Items from a dataset:
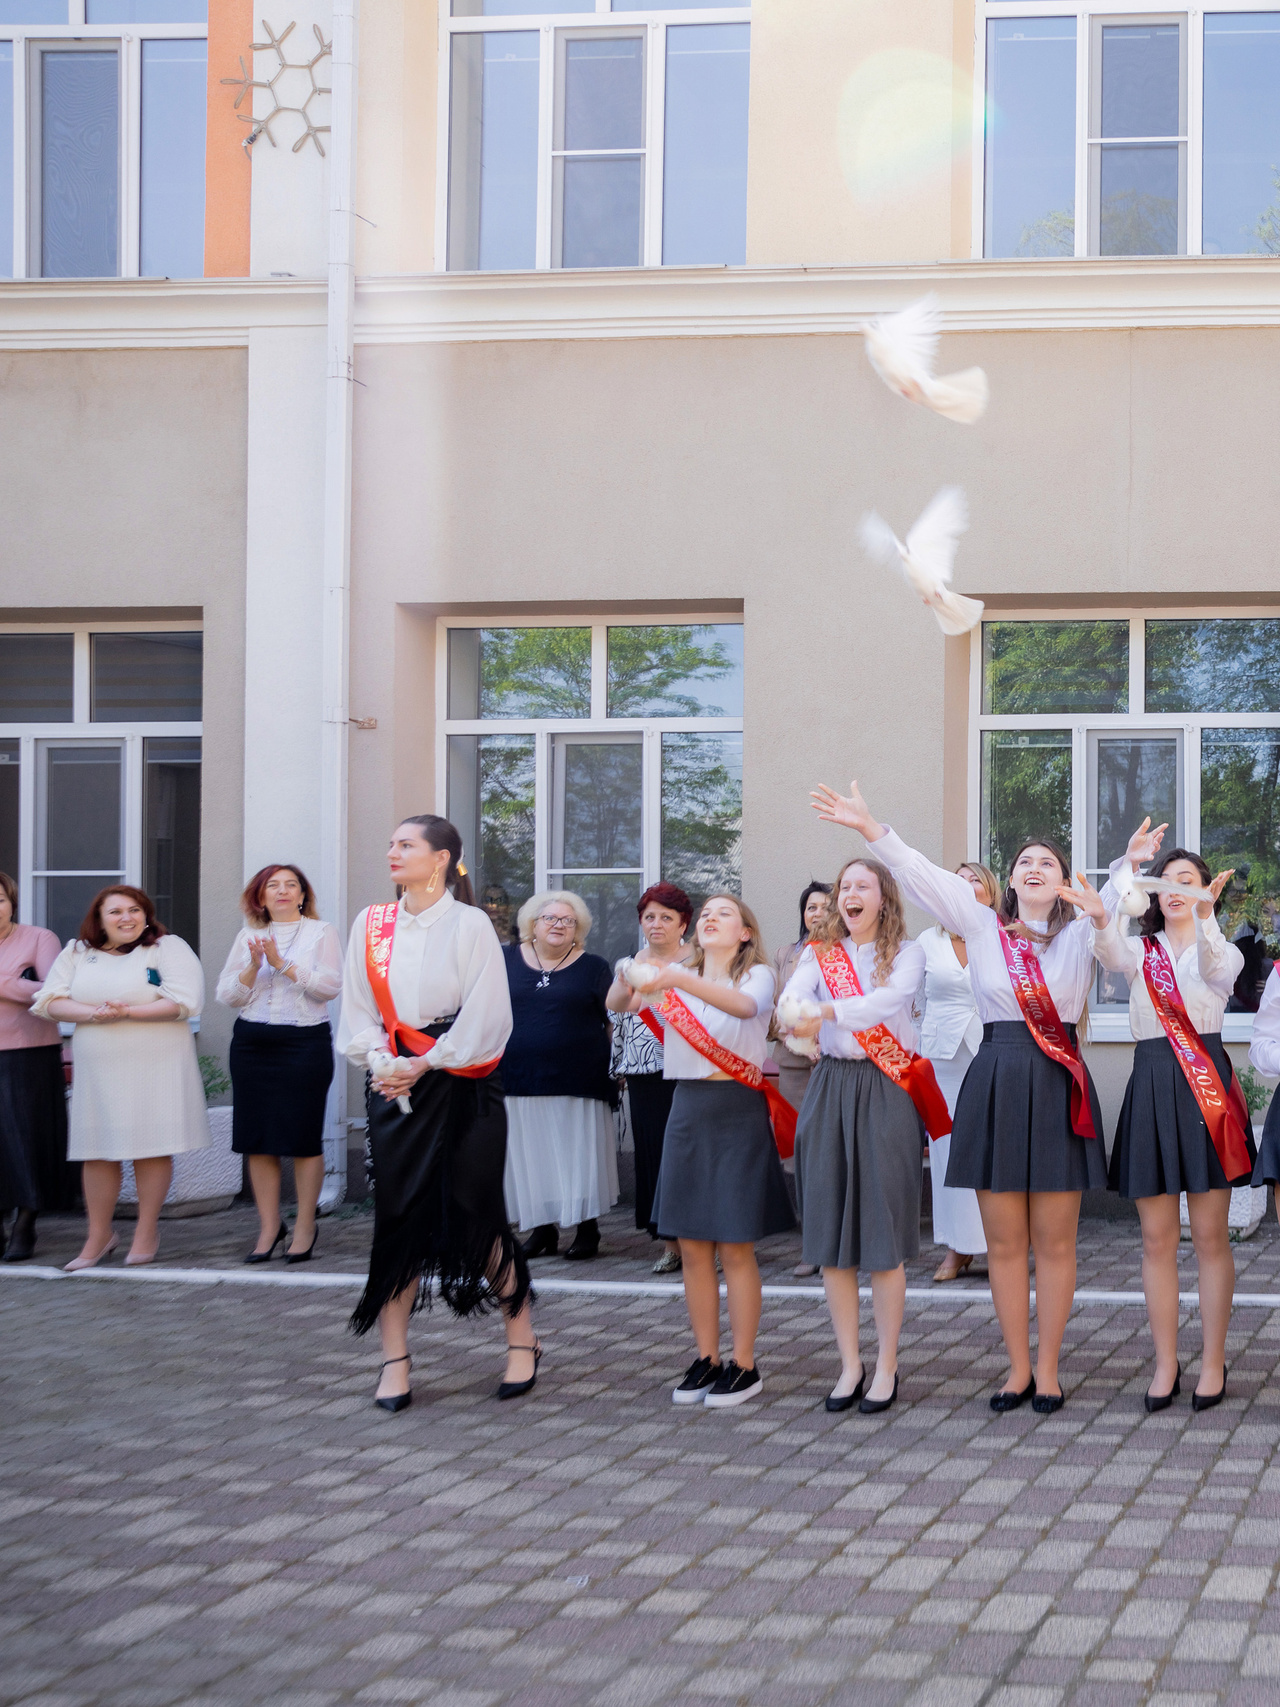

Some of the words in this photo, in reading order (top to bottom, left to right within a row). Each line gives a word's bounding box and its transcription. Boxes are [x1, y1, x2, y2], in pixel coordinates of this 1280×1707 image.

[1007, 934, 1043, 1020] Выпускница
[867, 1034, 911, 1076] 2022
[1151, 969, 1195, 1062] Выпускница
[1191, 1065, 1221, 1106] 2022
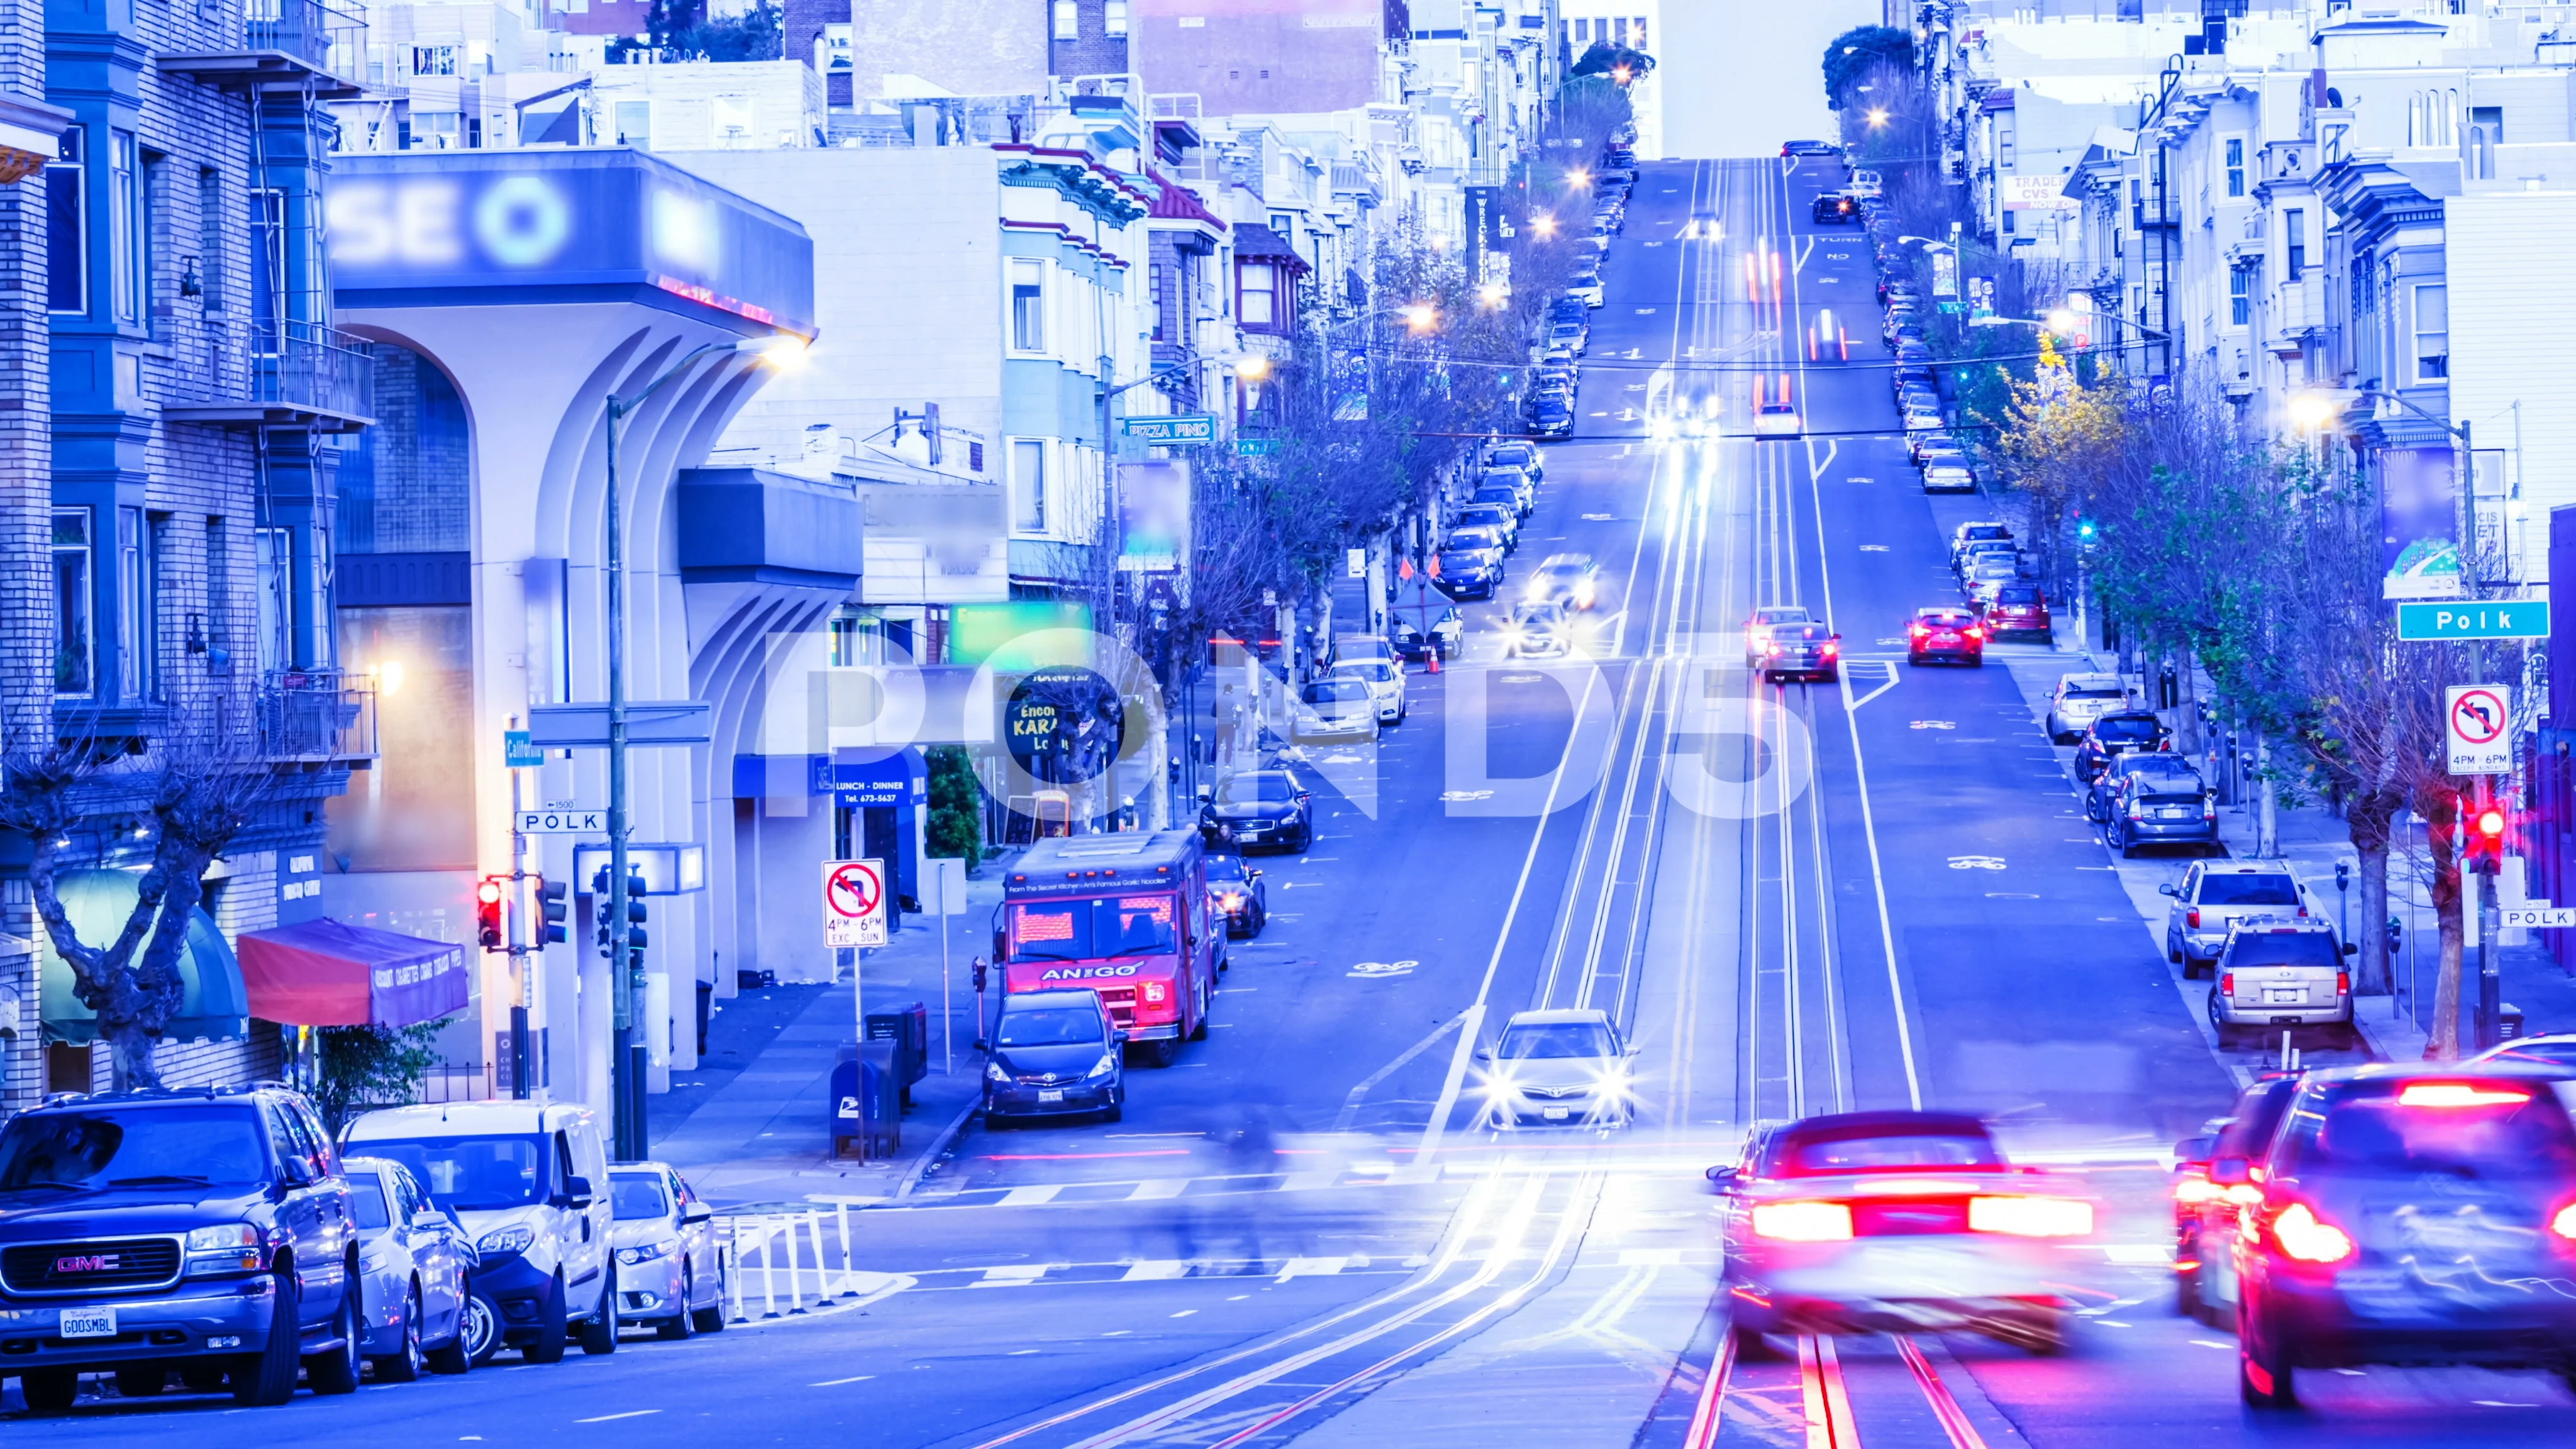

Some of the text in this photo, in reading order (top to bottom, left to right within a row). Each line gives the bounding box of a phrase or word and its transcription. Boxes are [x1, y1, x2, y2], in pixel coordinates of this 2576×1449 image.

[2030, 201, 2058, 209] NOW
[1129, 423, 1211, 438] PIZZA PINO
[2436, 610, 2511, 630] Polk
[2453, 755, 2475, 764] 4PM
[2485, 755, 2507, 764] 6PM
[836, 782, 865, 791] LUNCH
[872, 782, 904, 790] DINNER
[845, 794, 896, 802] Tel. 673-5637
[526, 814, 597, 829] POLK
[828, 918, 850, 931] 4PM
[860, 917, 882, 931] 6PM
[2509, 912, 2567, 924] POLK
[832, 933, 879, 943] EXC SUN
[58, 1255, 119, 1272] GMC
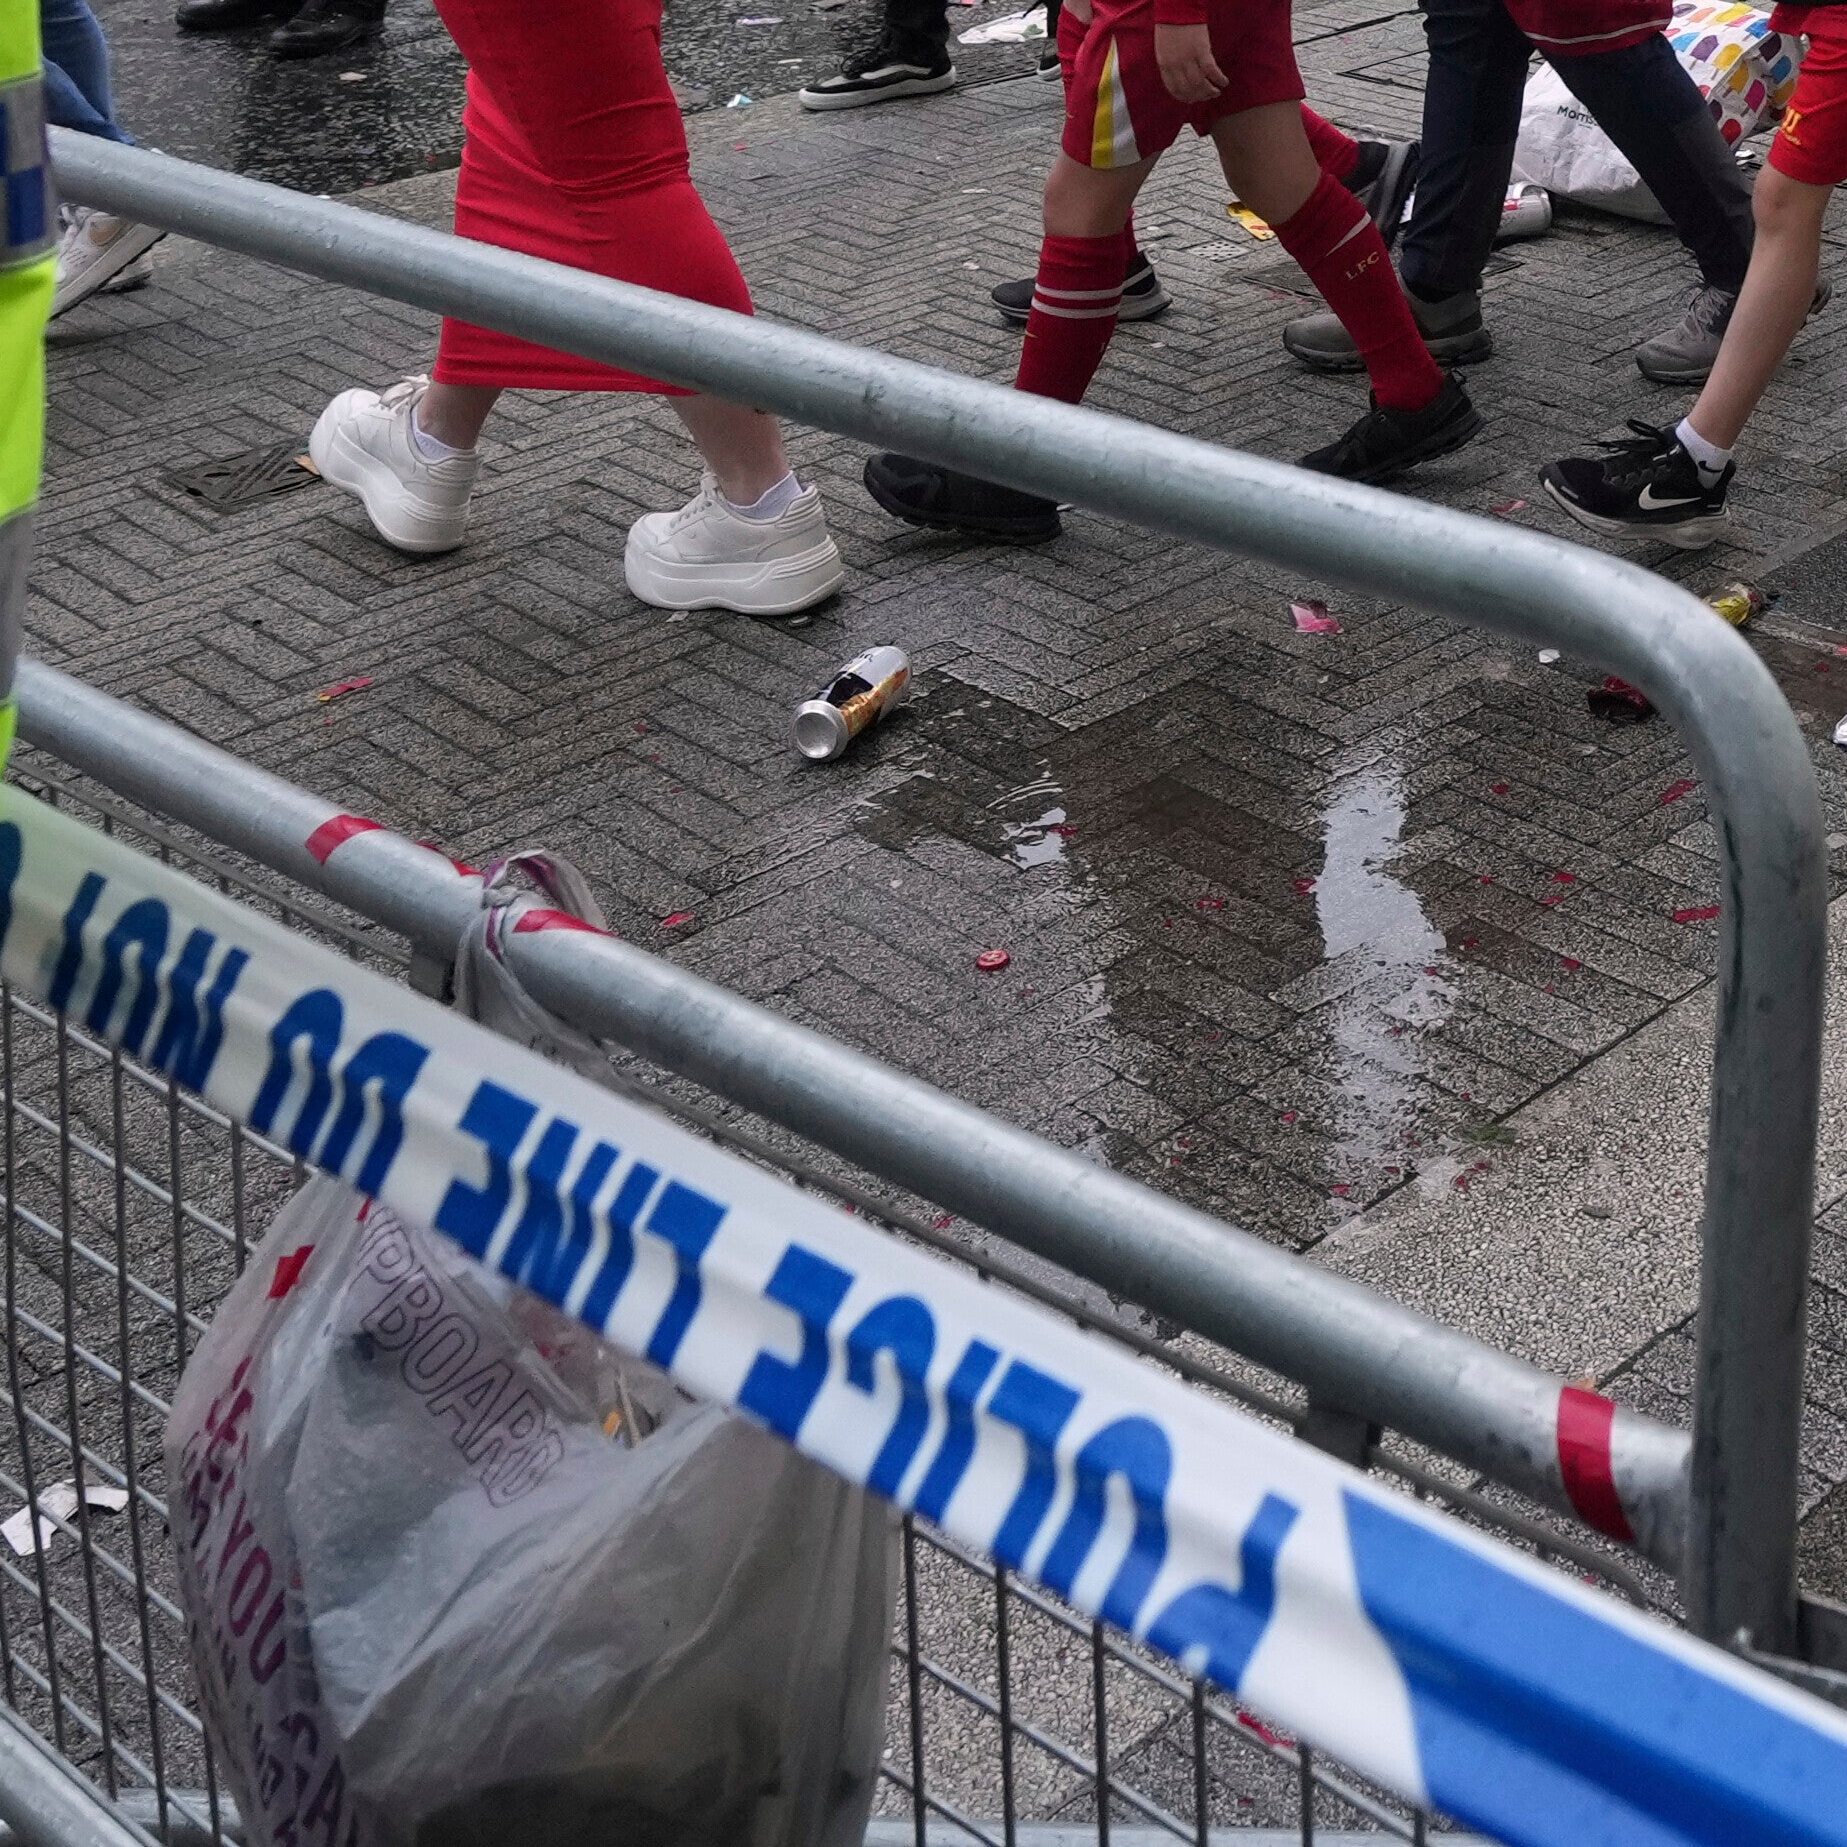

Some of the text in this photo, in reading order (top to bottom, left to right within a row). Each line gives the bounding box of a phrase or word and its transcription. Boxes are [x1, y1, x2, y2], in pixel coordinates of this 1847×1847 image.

▶ _Exercise directions_
Output every entry exactly. Pictures stay out.

▶ _Task result_
Some of the words in this photo, in reading order (top to bottom, left to right within a row). Each line gives a word's bounding box and its transcription. Boxes are [x1, y1, x2, y2], in pixel coordinates of this 1280×1707 image.

[1007, 934, 1043, 1020] Выпускница
[867, 1034, 911, 1076] 2022
[1151, 969, 1195, 1062] Выпускница
[1191, 1065, 1221, 1106] 2022

Some of the text in this photo, in reading order (top to bottom, left to right within a row). Each line gives the bounding box of a phrase or word and its transcription. Boxes are [x1, y1, x2, y2], in pixel coordinates of this 2576×1449 image.

[2030, 201, 2058, 209] NOW
[1129, 423, 1211, 438] PIZZA PINO
[2436, 610, 2511, 630] Polk
[2453, 755, 2475, 764] 4PM
[2485, 755, 2507, 764] 6PM
[836, 782, 865, 791] LUNCH
[872, 782, 904, 790] DINNER
[845, 794, 896, 802] Tel. 673-5637
[526, 814, 597, 829] POLK
[828, 918, 850, 931] 4PM
[860, 917, 882, 931] 6PM
[2509, 912, 2567, 924] POLK
[832, 933, 879, 943] EXC SUN
[58, 1255, 119, 1272] GMC

Some of the text in this photo, in reading order (top to bottom, left to right within a row). Each line gives the bounding box of a phrase or word and its transcription. Boxes are [x1, y1, x2, y2], in pixel coordinates of this 1847×1847 image.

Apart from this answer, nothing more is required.